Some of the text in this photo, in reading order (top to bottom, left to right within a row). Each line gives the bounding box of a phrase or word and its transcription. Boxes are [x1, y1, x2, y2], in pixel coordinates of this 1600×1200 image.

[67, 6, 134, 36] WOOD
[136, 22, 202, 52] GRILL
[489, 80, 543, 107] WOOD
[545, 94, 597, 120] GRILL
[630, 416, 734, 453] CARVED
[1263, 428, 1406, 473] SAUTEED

· · · · · · ·

## WHAT TO WORK ON
Give back all of the entries exactly as written.

## EXPECTED ANSWER
Some of the text in this photo, in reading order (top to bottom, left to right within a row). Each line gives the bounding box of a phrase or word and its transcription. Boxes are [x1, y1, x2, y2], in pixel coordinates of this 1600×1200 image.

[67, 6, 134, 36] WOOD
[136, 22, 202, 52] GRILL
[489, 80, 543, 107] WOOD
[545, 94, 597, 120] GRILL
[630, 416, 734, 453] CARVED
[1263, 428, 1406, 473] SAUTEED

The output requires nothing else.